=== Task to carry out ===
Transcribe the records that follow in their entirety, omitting any pictures.

Referring expression grounding data:
-*-
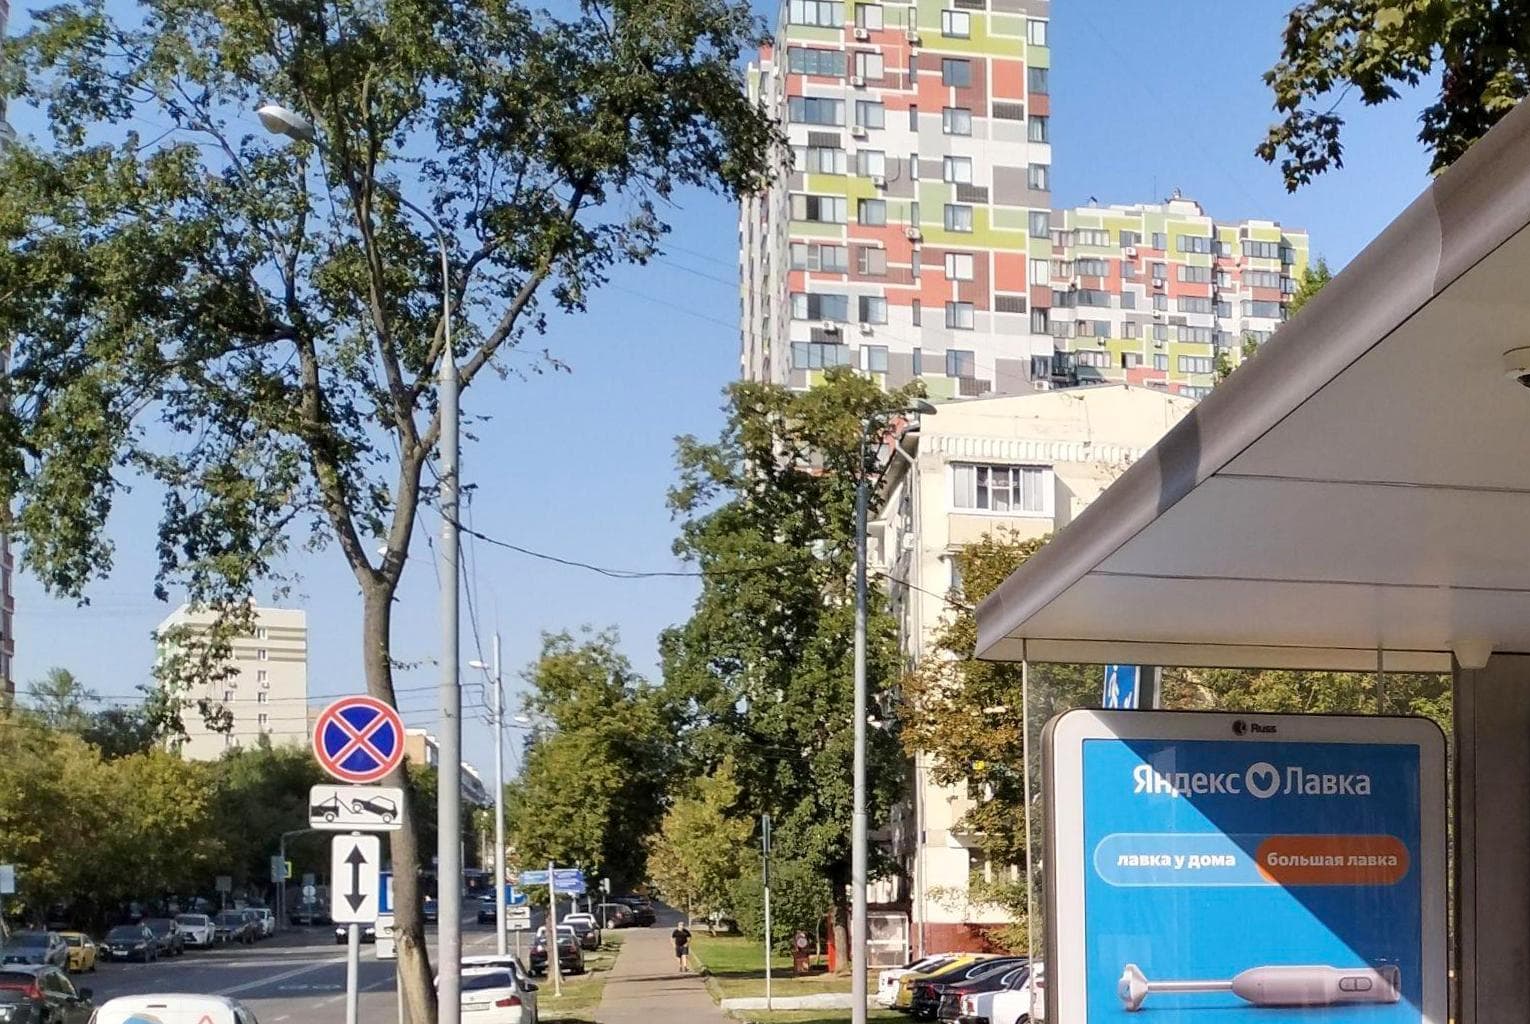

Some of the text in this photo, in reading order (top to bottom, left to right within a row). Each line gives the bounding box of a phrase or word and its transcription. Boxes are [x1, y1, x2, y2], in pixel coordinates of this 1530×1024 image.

[1251, 723, 1277, 733] Russ
[1133, 763, 1371, 799] Яндекс Лавка
[1116, 854, 1237, 870] лавка у дома
[1267, 852, 1397, 867] большая лавка
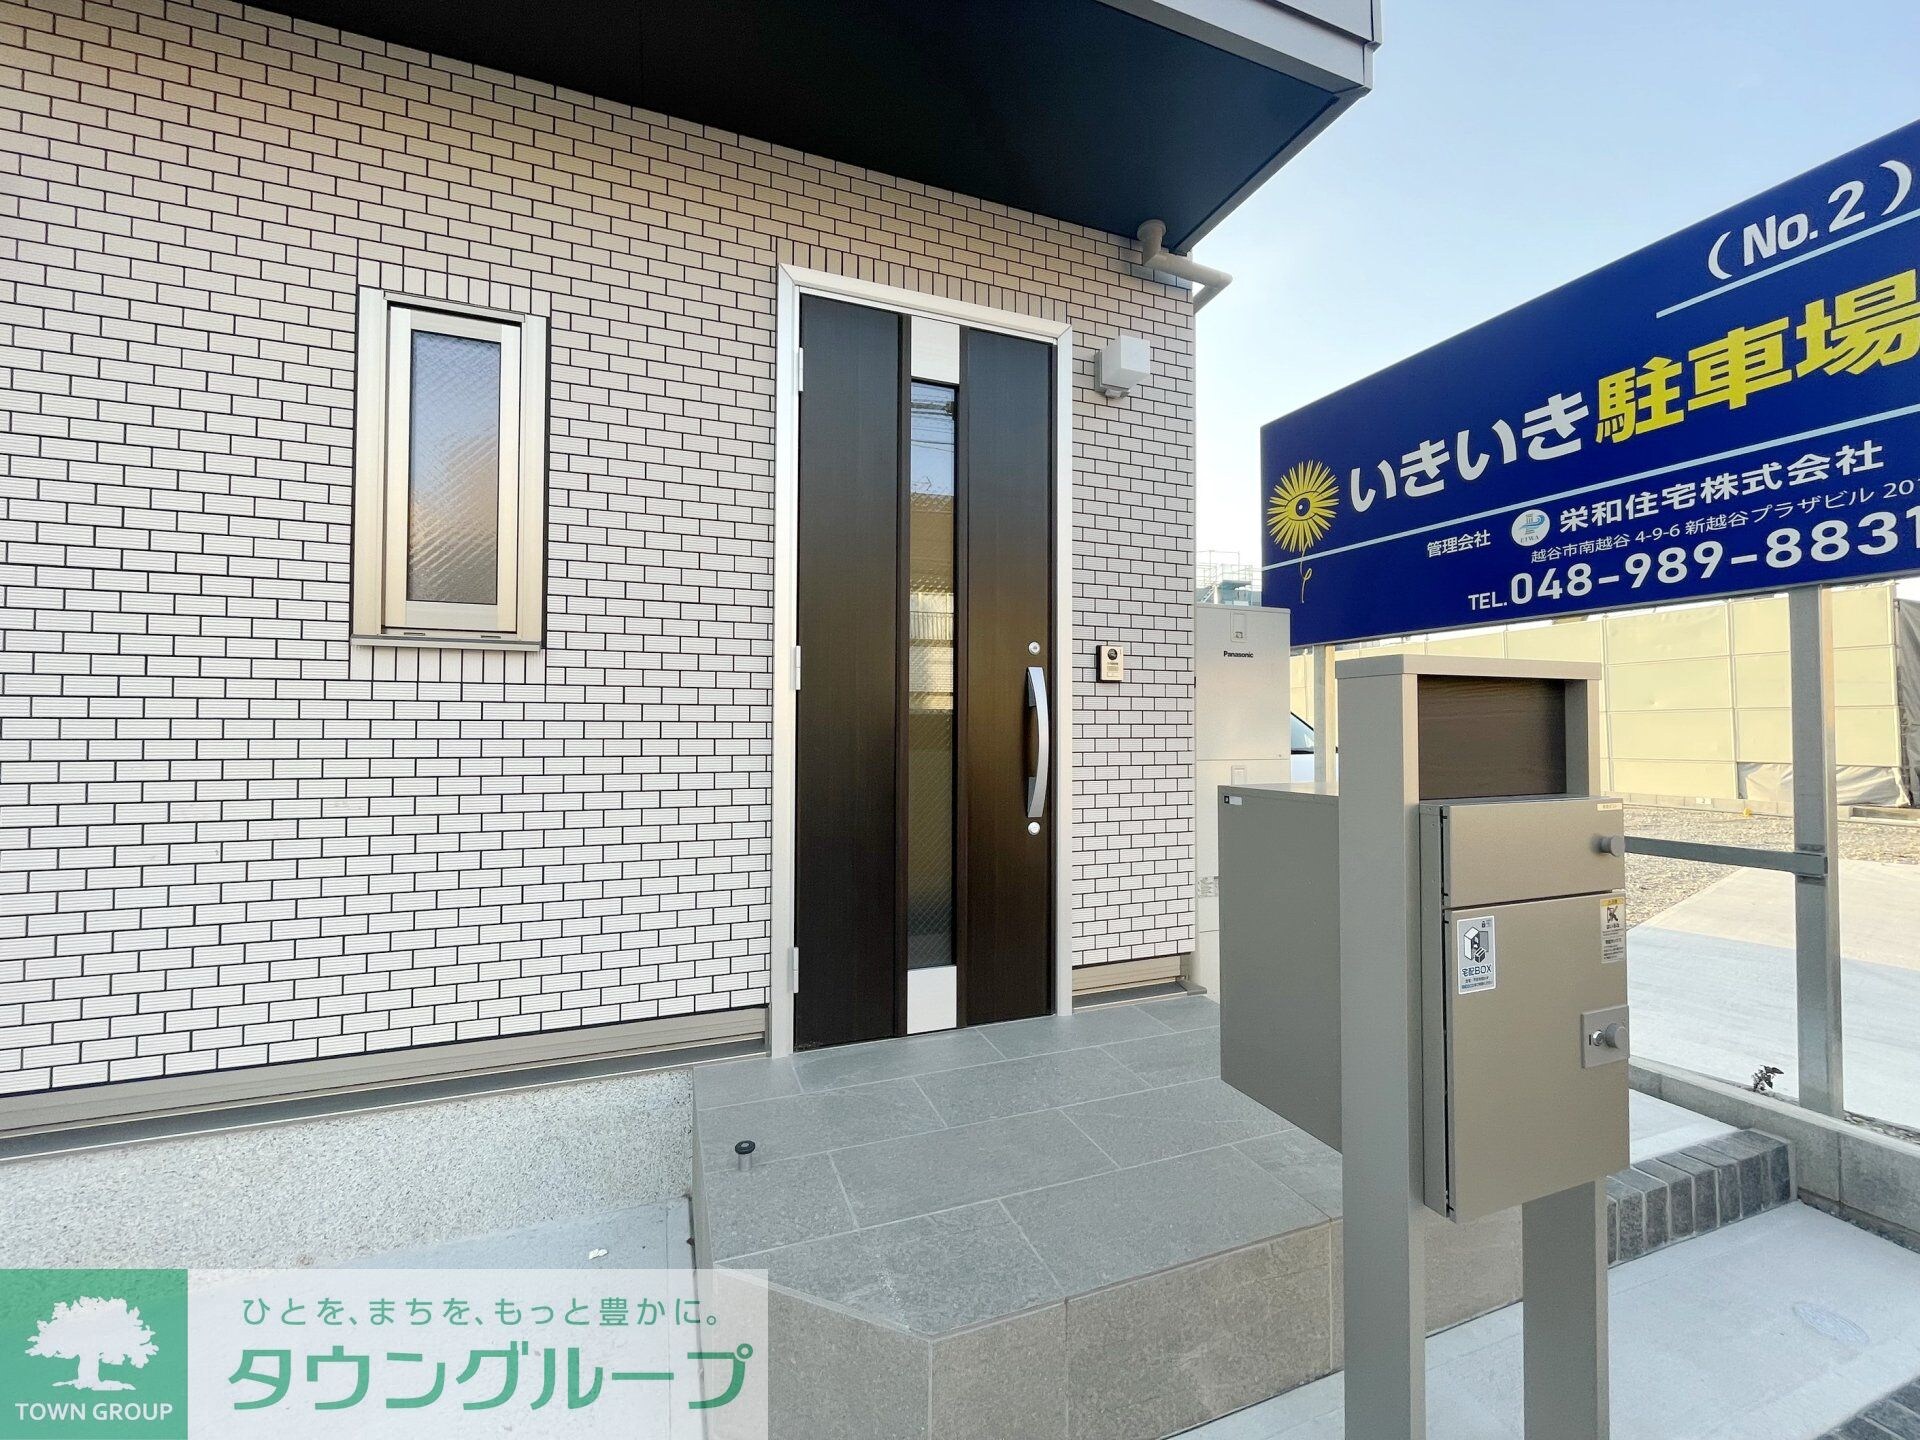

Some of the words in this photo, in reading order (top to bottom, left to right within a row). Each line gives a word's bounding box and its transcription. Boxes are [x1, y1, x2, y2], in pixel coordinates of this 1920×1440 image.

[1350, 268, 1920, 513] いきいき駐車場
[1530, 533, 1631, 564] 越谷市南越谷
[1634, 523, 1681, 543] 4-9-6
[1684, 487, 1875, 536] 新越谷プラザビル
[1882, 478, 1920, 499] 20
[1559, 439, 1885, 533] 栄和住宅株式会社
[1426, 529, 1492, 558] 管理会社
[1467, 591, 1508, 611] TEL.
[1510, 505, 1920, 605] 048-989-8831
[1223, 650, 1254, 659] Panasonic
[1461, 963, 1492, 977] 宅配BOX
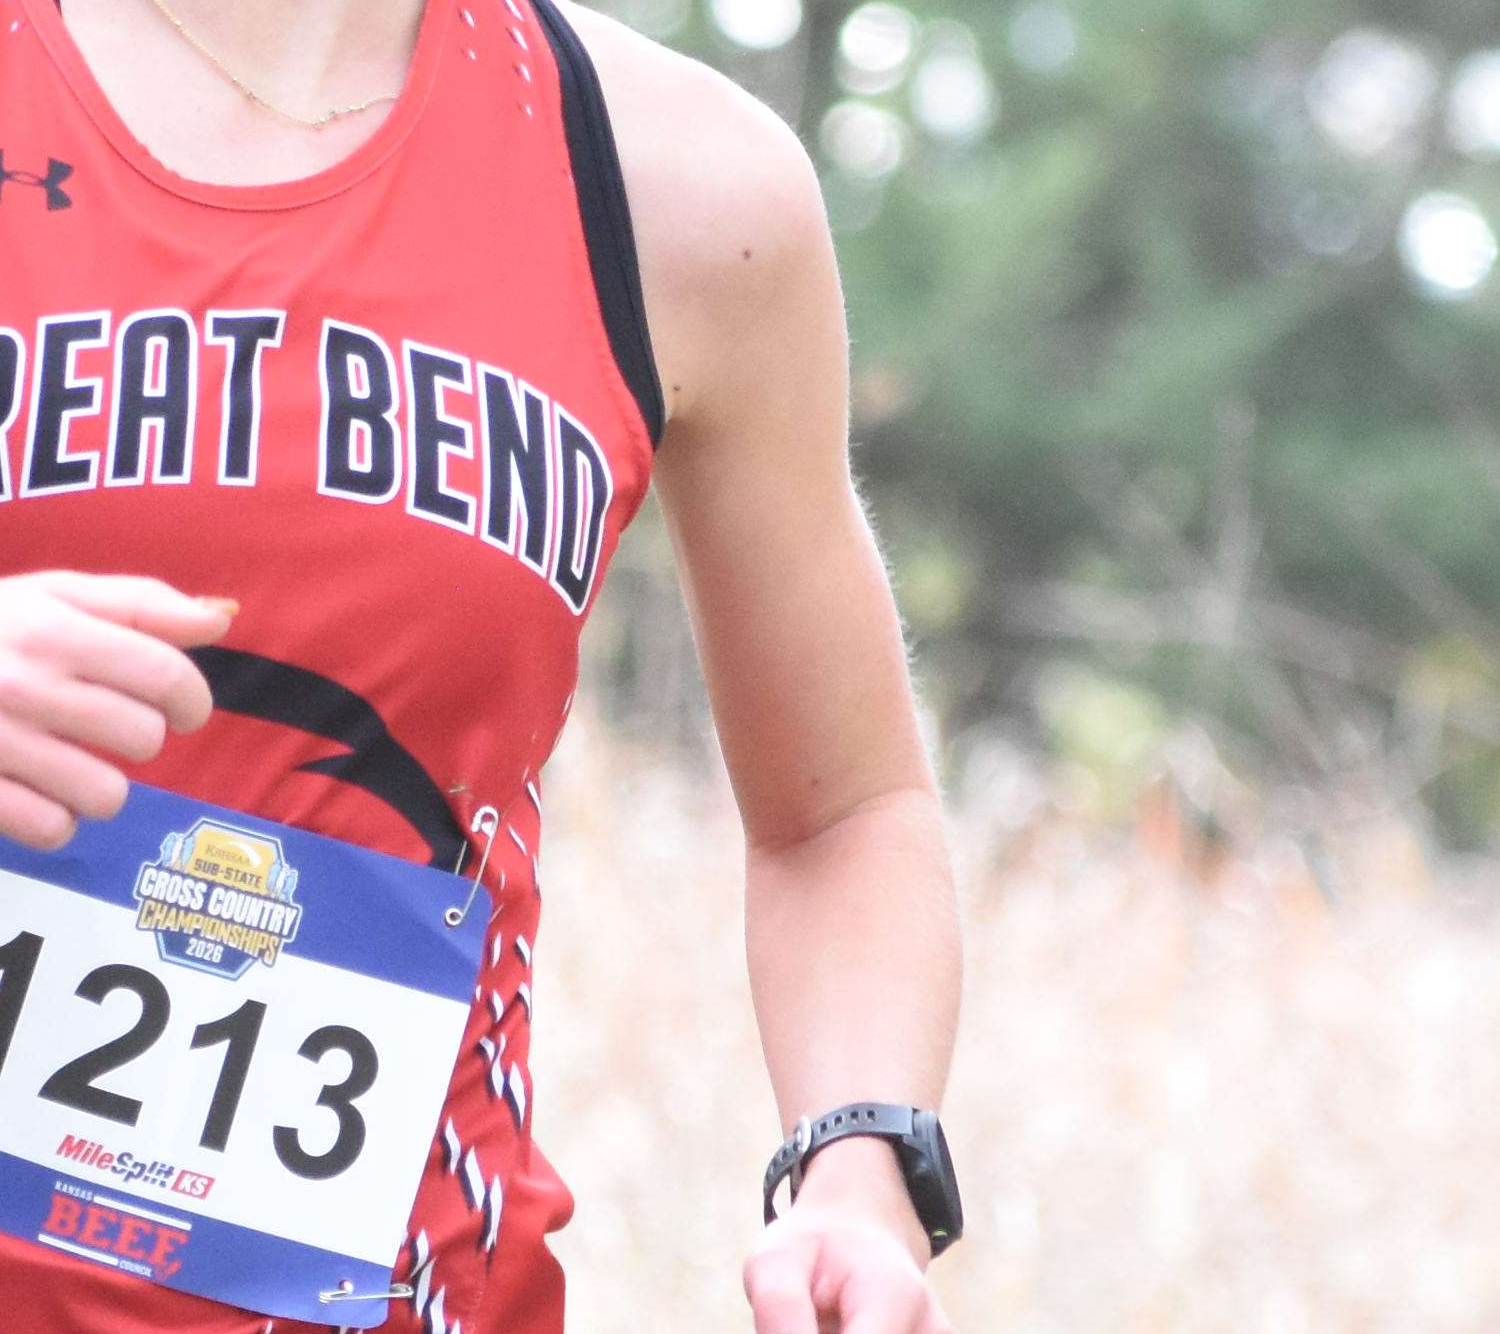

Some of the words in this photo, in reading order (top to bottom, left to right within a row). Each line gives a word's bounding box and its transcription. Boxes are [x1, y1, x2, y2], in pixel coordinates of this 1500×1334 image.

[317, 318, 614, 616] BEND
[139, 867, 208, 911] CROSS
[207, 886, 298, 936] COUNTRY
[193, 858, 263, 889] SUB-STATE
[138, 898, 280, 967] CHAMPIONSHIPS
[185, 937, 225, 964] 2026
[54, 1180, 94, 1202] KANSAS
[56, 1134, 176, 1188] MileSplit
[177, 1170, 211, 1197] KS
[43, 1192, 191, 1268] BEEF
-*-
=== Exercise solution ===
Some of the text in this photo, in reading order (top to bottom, left to right within a row). Each line gives the bounding box of a phrase or word and its transcription. Boxes are [x1, y1, x2, y2], in pixel coordinates of this 1530×1024 image.

[1251, 723, 1277, 733] Russ
[1133, 763, 1371, 799] Яндекс Лавка
[1116, 854, 1237, 870] лавка у дома
[1267, 852, 1397, 867] большая лавка

Some of the words in this photo, in reading order (top to bottom, left to right within a row). Each line gives a word's bounding box and its transcription. Boxes are [x1, y1, x2, y2], in pixel coordinates of this 1920×1440 image.

[1350, 268, 1920, 513] いきいき駐車場
[1530, 533, 1631, 564] 越谷市南越谷
[1634, 523, 1681, 543] 4-9-6
[1684, 487, 1875, 536] 新越谷プラザビル
[1882, 478, 1920, 499] 20
[1559, 439, 1885, 533] 栄和住宅株式会社
[1426, 529, 1492, 558] 管理会社
[1467, 591, 1508, 611] TEL.
[1510, 505, 1920, 605] 048-989-8831
[1223, 650, 1254, 659] Panasonic
[1461, 963, 1492, 977] 宅配BOX

Some of the words in this photo, in reading order (top to bottom, left to right within a row). Each line gives a word's bounding box and its transcription. Boxes are [x1, y1, x2, y2], in pixel coordinates of this 1500×1334 image.

[317, 318, 614, 616] BEND
[139, 867, 208, 911] CROSS
[207, 886, 298, 936] COUNTRY
[193, 858, 263, 889] SUB-STATE
[138, 898, 280, 967] CHAMPIONSHIPS
[185, 937, 225, 964] 2026
[54, 1180, 94, 1202] KANSAS
[56, 1134, 176, 1188] MileSplit
[177, 1170, 211, 1197] KS
[43, 1192, 191, 1268] BEEF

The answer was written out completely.